HA-Jobs

Support for distributed, highly available (batch) singleton jobs, with job scheduling, locking, supervision and job status persistence. Implemented with Scala, Akka and Cassandra.

New in 1.2.0

While 1.2.0 being binary backwards compatible, the routes file of the Play! Module should be changed: the list action got a new (optional) parameter limit, so that the related route should now be s.th. like

GET    /jobs/:jobType    @de.kaufhof.hajobs.JobsController.list(jobType, limit: Int ?= 20)

Overview
Features
Constraints
Implementation/Solution Details
Alternative Solutions
Installation / Setup
Usage
Example 1: A Job with Cron Schedule, Persistence and Supervision
Example 2: An Actor Job with Cron Schedule etc.
Example 3: An Actor Job running continuously
Play! REST API
License

Overview

Features:

Job Locking
- Ensures, that a job is run by at most one instance
- Locks are automatically released when an instance crashed
- When a lock is lost / timed out (e.g. because the jvm is only/mainly doing GC), the job will be canceled so that another instance can step in
Job Supervision
- When a crashed job is detected, the job will be resumed/retried (maybe by another instance) a configured number of times
Job Scheduling
- Jobs can be scheduled, the Quartz scheduler is used for this.
Job Status / Reporting
- For each job the status and result is stored, jobs can also provide details to be stored
Job Management
- There's a Play! Framework controller that provides a REST api for jobs, which allows to start a job, get a list of job executions, and details for a specific job execution.

Constraints:

There's no need for work distribution / if a single instance can execute a job.
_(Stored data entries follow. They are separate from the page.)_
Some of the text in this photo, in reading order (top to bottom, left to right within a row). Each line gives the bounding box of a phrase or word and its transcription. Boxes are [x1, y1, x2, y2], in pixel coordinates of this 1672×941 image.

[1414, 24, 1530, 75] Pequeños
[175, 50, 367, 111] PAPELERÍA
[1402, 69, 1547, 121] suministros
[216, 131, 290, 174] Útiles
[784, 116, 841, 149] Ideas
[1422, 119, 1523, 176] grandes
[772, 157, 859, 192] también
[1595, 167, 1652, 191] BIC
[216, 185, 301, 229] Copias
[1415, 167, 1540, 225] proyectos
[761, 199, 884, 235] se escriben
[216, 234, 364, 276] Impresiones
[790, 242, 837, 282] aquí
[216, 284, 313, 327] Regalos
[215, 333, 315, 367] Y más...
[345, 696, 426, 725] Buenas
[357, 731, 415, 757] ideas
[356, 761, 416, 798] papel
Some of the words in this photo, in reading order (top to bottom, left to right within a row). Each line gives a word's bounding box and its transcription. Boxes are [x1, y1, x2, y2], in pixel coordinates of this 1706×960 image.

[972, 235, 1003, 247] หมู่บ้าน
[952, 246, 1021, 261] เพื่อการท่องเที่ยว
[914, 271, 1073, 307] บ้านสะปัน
Implementation/Solution Details:

Currently for Job Locking Cassandra's lightweight transactions are used, locks are stored with a certain TTL (e.g. 30 seconds) in a dedicated table. As long as a job is running, an (Akka) actor keeps the lock for the job active. When the job completes, the actor is stopped and the lock is released/deleted. When the instance running the job crashes, the lock will be deleted due to the used TTL.

Job Supervision is done by a Job, that detects dead jobs and restarts them the configured number of times.
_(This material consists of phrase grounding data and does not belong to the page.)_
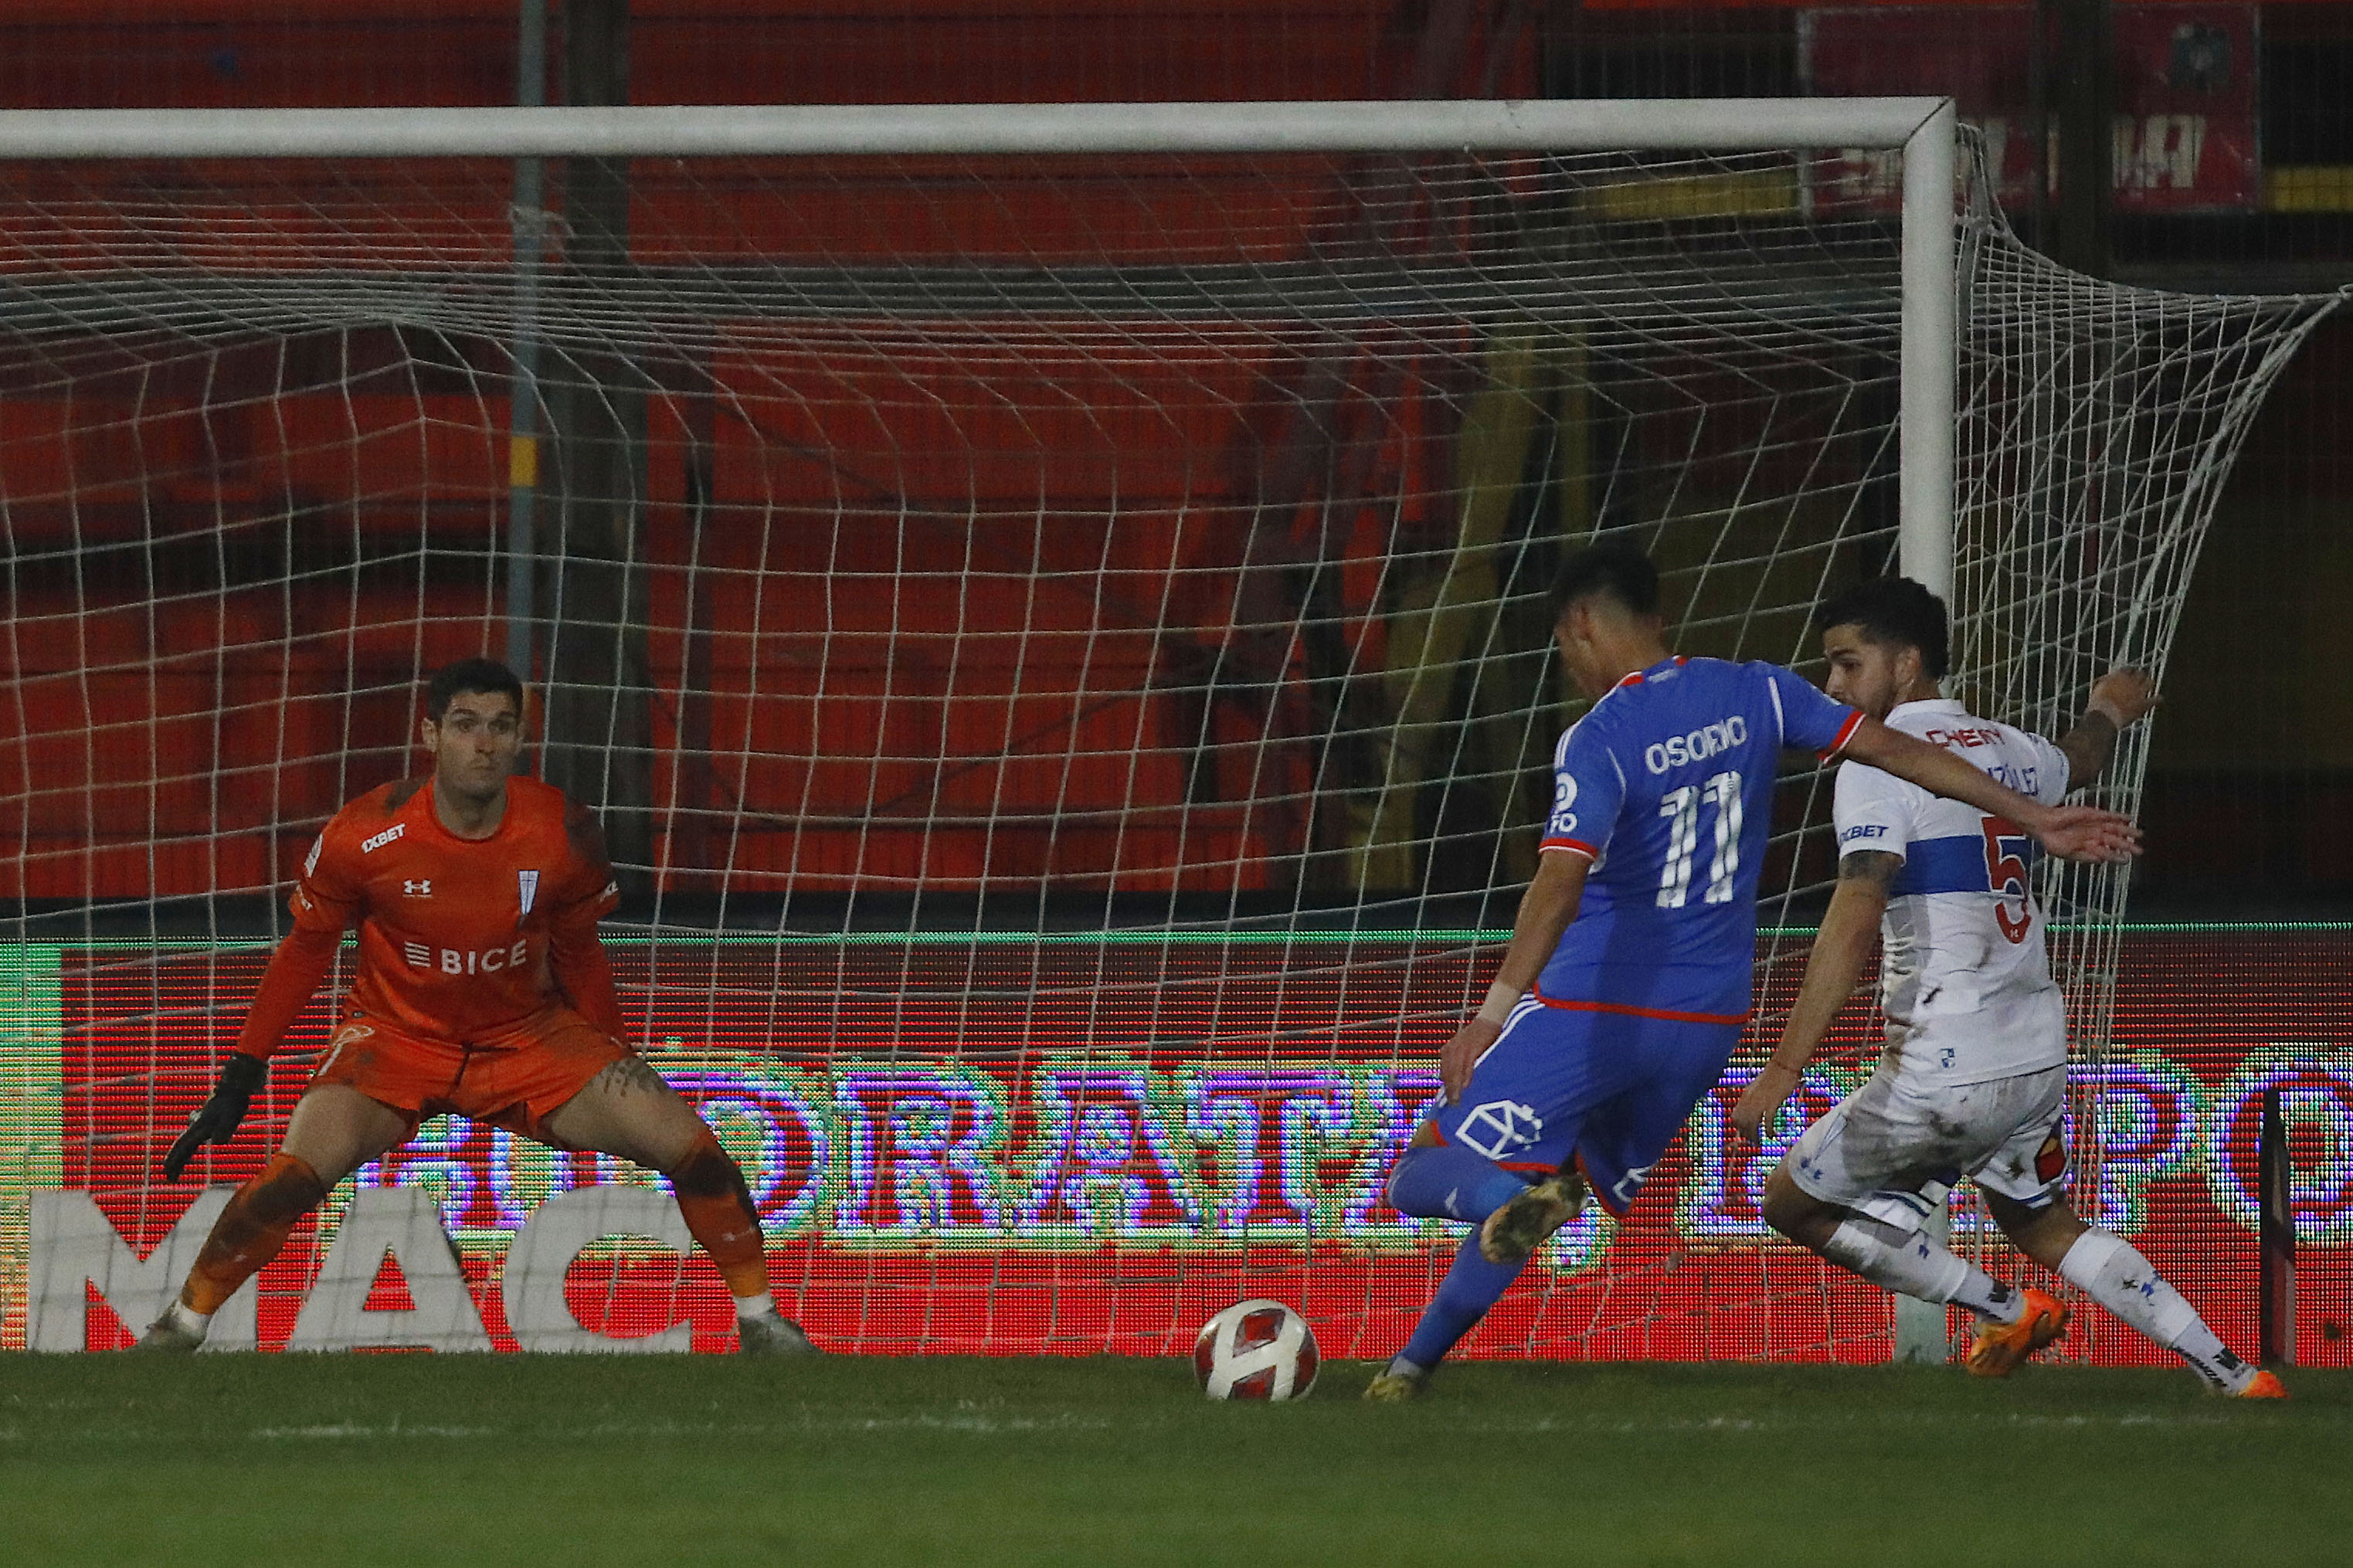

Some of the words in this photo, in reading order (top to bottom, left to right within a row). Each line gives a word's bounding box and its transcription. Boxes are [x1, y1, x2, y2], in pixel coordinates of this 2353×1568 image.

[361, 823, 406, 854] 1XBET
[1655, 770, 1743, 908] 11
[1839, 824, 1890, 847] XBET
[1981, 815, 2032, 945] 5
[440, 938, 528, 975] BICE
[26, 1188, 693, 1353] MAC
There's the JobManager, that allows to start or restart a job, and schedules jobs based on their scheduling pattern.

A job must extend Job, which has the following interface:

abstract class Job(val jobType: JobType,
                   val retriggerCount: Int,
                   val cronExpression: Option[String] = None,
                   val lockTimeout: FiniteDuration = 60 seconds) {

  /**
   * Starts a new job and returns a [[de.kaufhof.hajobs.JobExecution JobExecution]].
   * The [[de.kaufhof.hajobs.JobExecution#result JobExecution.result]] future must be
   * completed when the job execution is finished.
   *
   * This method (`run`) should not "block", all the work must be performed
   * by the returned `JobExecution`.
   */
  def run()(implicit context: JobContext): JobExecution

}

The JobType identifies the job, it is defined with a name and a LockType. There's a distinction between JobType and LockType so that jobs with the same LockType cannot run simultaneously. A LockType is just defined by name.

If your job is implemented as an actor, you can just use the ActorJob, as shown by examples below.

Alternative Solutions

For job locking Zookeeper could be used.
For job locking and job supervision Akka's Cluster Singleton could be used. There's also a nice Activator template for distributed workers with Akka that provides an example for the cluster singleton.
Chronos Fault tolerant job scheduler for Mesos which handles dependencies and ISO8601 based schedules. Batteries included

Installation / Setup

You must add the ha-jobs to the dependencies of the build file, e.g. add to build.sbt:

libraryDependencies += "de.kaufhof" %% "ha-jobs" % "1.2.5"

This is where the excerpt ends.